Why do I put so much value on my physical exterior? Why do I feel less whole as a person if I have a small layer of fat on my tummy? I used to think I was unique in this struggle.  But now I know I am not.  I used to be embarrassed by my eating disorder.  But now I want to share it without shame.  My disordered eating manifested partially as a need for control, something I had to work through individually.  But it also came from an extreme distorted image of the ideal body and of women’s worth as portrayed by our society.  Women are celebrated for unattainable physical features.  For perfectly sculpted abs, for thigh gaps, for minimizing our physical presence.  There is no such thing as more of us to love in the media.  In fact, this world too often celebrates when women are less.  When women silently abide by the status quo, are seen and not heard. Don’t come forward about abuses or mistreatment.

I said above that I worked past the anger, the tears, and the pain. On an individual level, that’s true, but I’ve held onto my anger about the way our society portrays women.  I am angry that I know many, many women who struggle daily trying to minimize their bodies to fit into social standards.  Women who think that less of them will lead to more happiness, to more acceptance.  I’m angry that for the first 20 years of my life I didn’t know there was something wrong with people complimenting my “skinniness” and not my intellect.  I’m angry that when my eating disorder was at its worst and I was almost 20 pounds underweight, the people surrounding me told me I looked amazing.  I’m angry that they didn’t know any better because they’ve been conditioned to idealize unhealthy body images the same as I have.  I’m angry that I was told not to lift weights because it’s not attractive when women are bulky.  I’m angry that diets involving putting your body into a state of starvation or eliminating entire food groups (or even solid food all together) are not only popular, but celebrated.  I’m angry that this world is hard to navigate as a survivor of an eating disorder, and that I need to be constantly aware of the impact my surroundings are having on my image of myself.

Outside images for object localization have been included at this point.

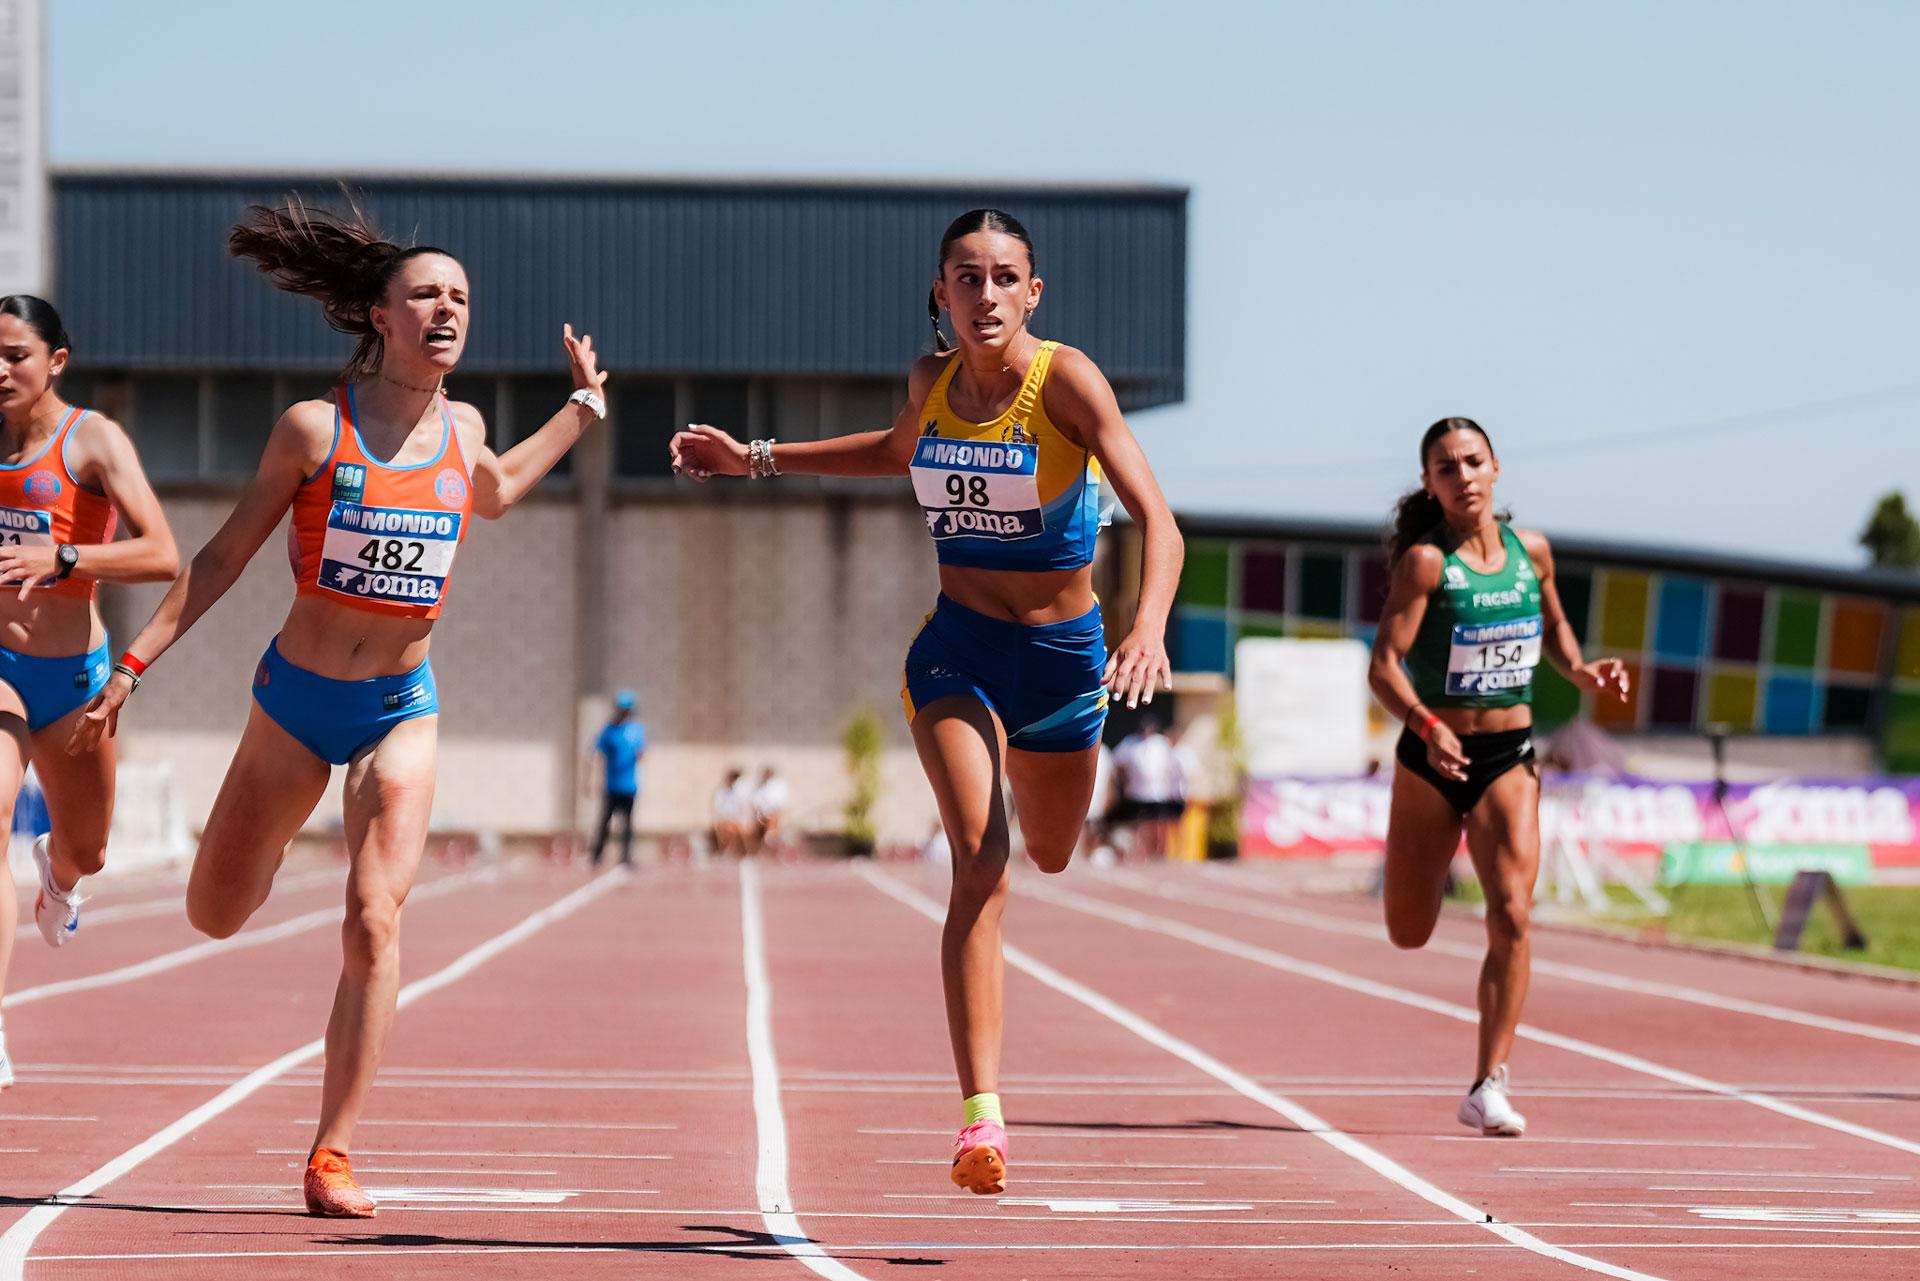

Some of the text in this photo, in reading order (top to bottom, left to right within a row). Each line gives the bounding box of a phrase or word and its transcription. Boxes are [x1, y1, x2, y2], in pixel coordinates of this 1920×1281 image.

[935, 443, 1023, 468] MONDO
[946, 474, 990, 507] 98
[360, 510, 452, 535] MONDO
[943, 510, 1025, 534] Joma
[357, 539, 425, 572] 482
[356, 572, 440, 599] Joma
[1477, 620, 1539, 642] MONDO
[1478, 645, 1522, 669] 154
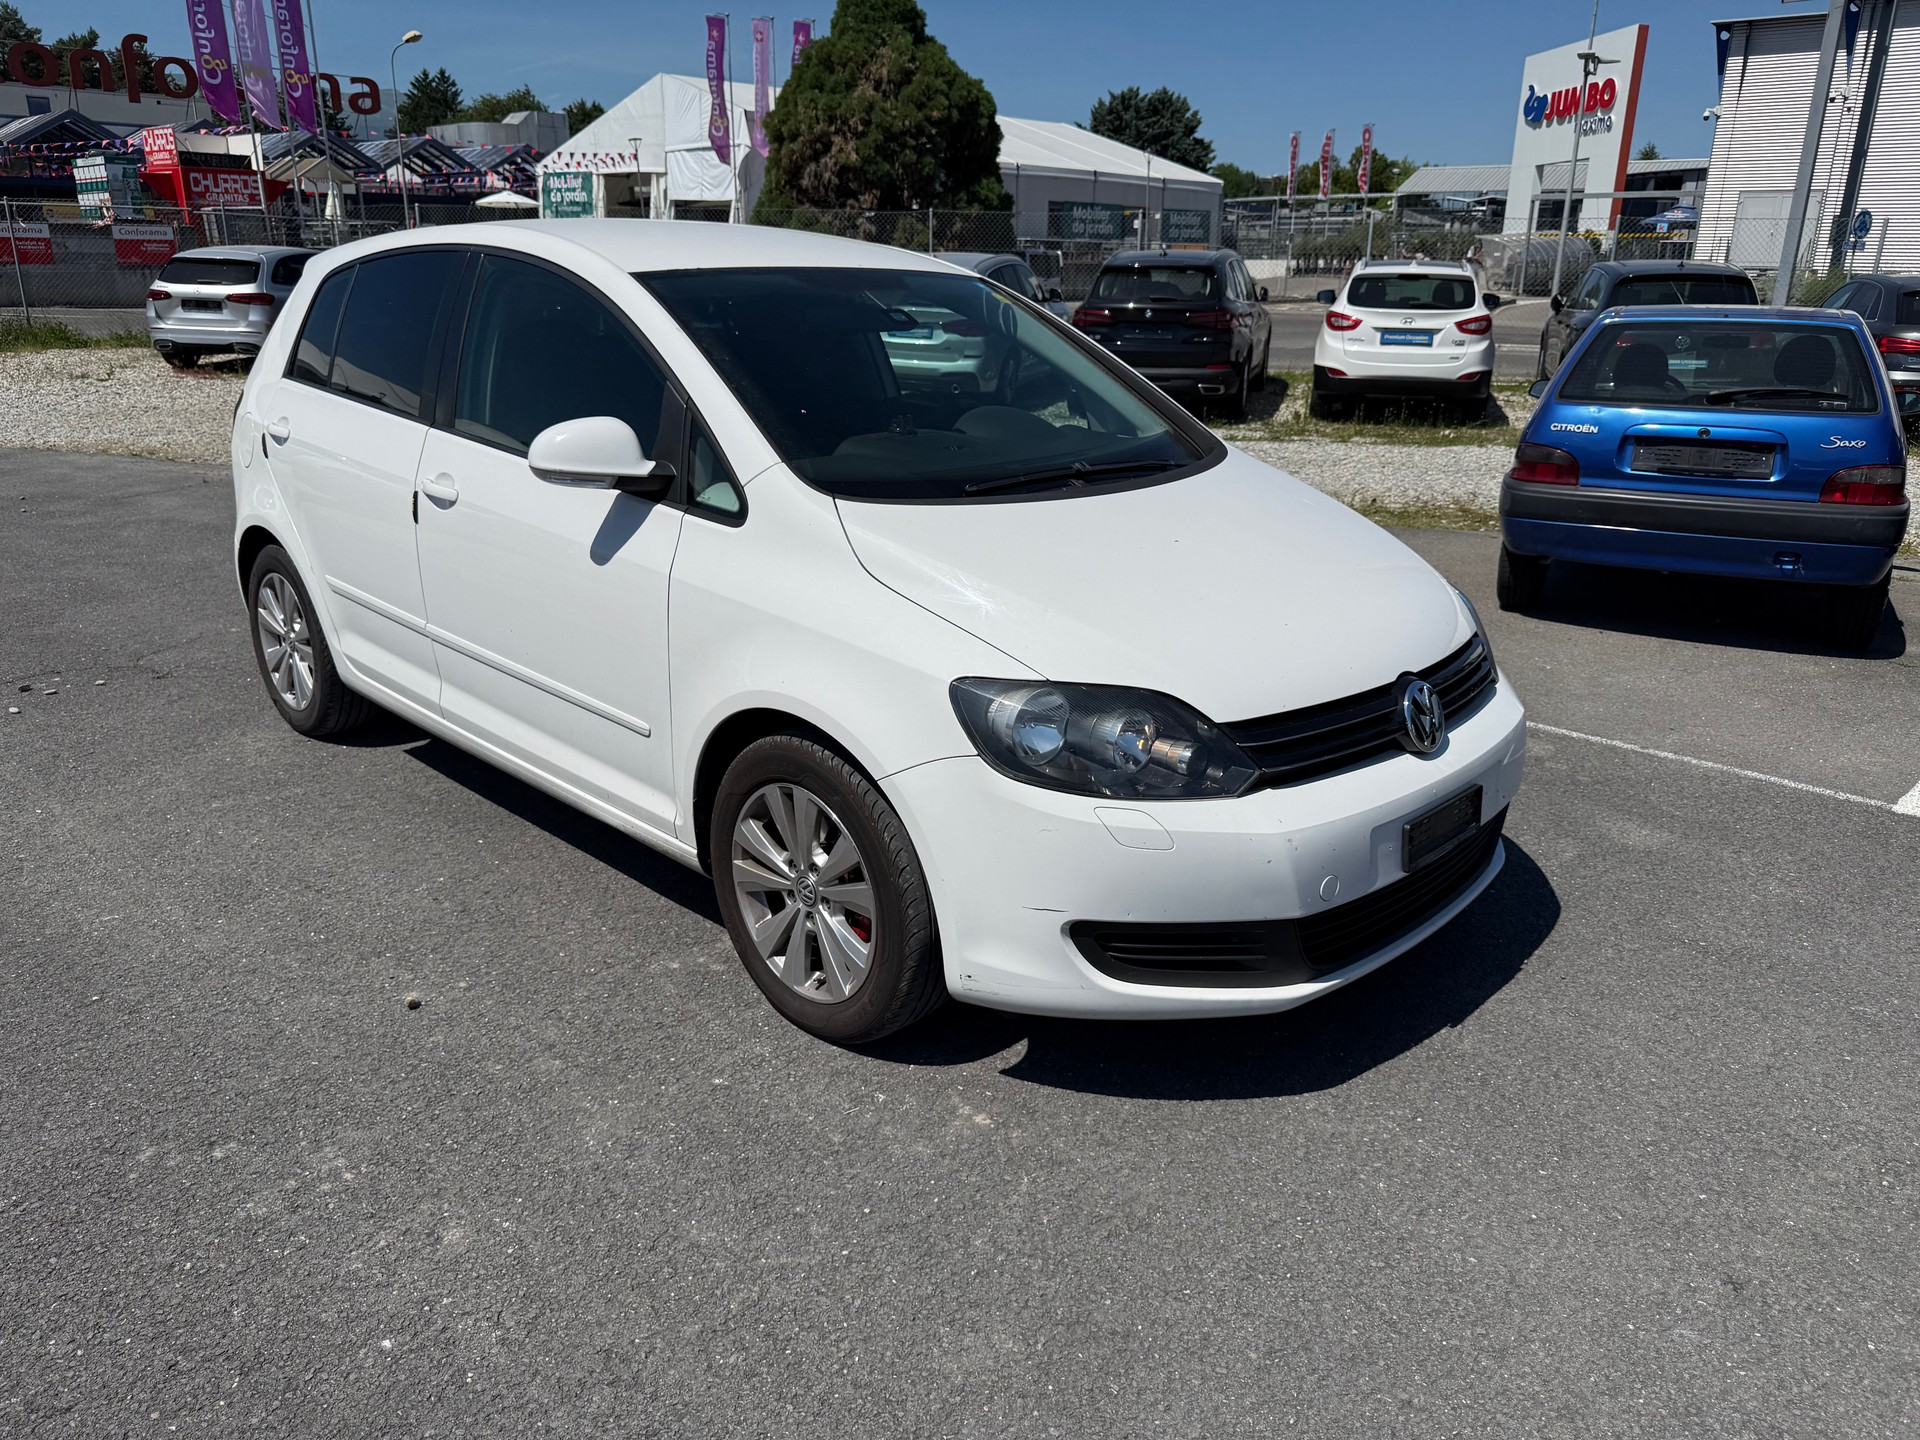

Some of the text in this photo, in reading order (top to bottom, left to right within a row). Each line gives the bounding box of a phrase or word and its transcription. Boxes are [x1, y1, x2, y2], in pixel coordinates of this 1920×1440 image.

[1544, 78, 1616, 122] JUMBO
[1574, 115, 1612, 133] aximo
[189, 172, 261, 195] CHURROS
[205, 192, 250, 202] GRANITAS
[562, 188, 588, 205] jardin
[118, 227, 168, 237] Conforama
[1550, 422, 1599, 434] CITROËN
[1820, 435, 1867, 449] Saxo

Some might say it’s unhealthy to hold onto this anger, but I’ve channeled it to good use.  I focused my anger into getting as strong as I can.  To celebrating every pound of muscle I gain.  I want to prove that women are not inherently weak. I won’t lie and say that I’ve retrained my brain to not worry about gaining weight.  Every day is still a struggle—my brain tends to default to a distorted image of myself.  I don’t know if that will ever go away, but I do know that every day instead of trying to minimize my body, I’m asking myself how I can build it up.  I’m focusing on eating to gain muscle instead of eating to lose fat.  My gains have paid off through my success in cycling, and the sport itself actually helps me stay motivated to eat because I know unhealthy behavior will take away my competitive edge. Im sharing this with you because I want to promise that I will do my best every day to celebrate healthy bodies. I will celebrate my physical prowess instead of wasting it away.  I refuse to derive self-worth from starving myself to achieve an unhealthy and unrealistic standard.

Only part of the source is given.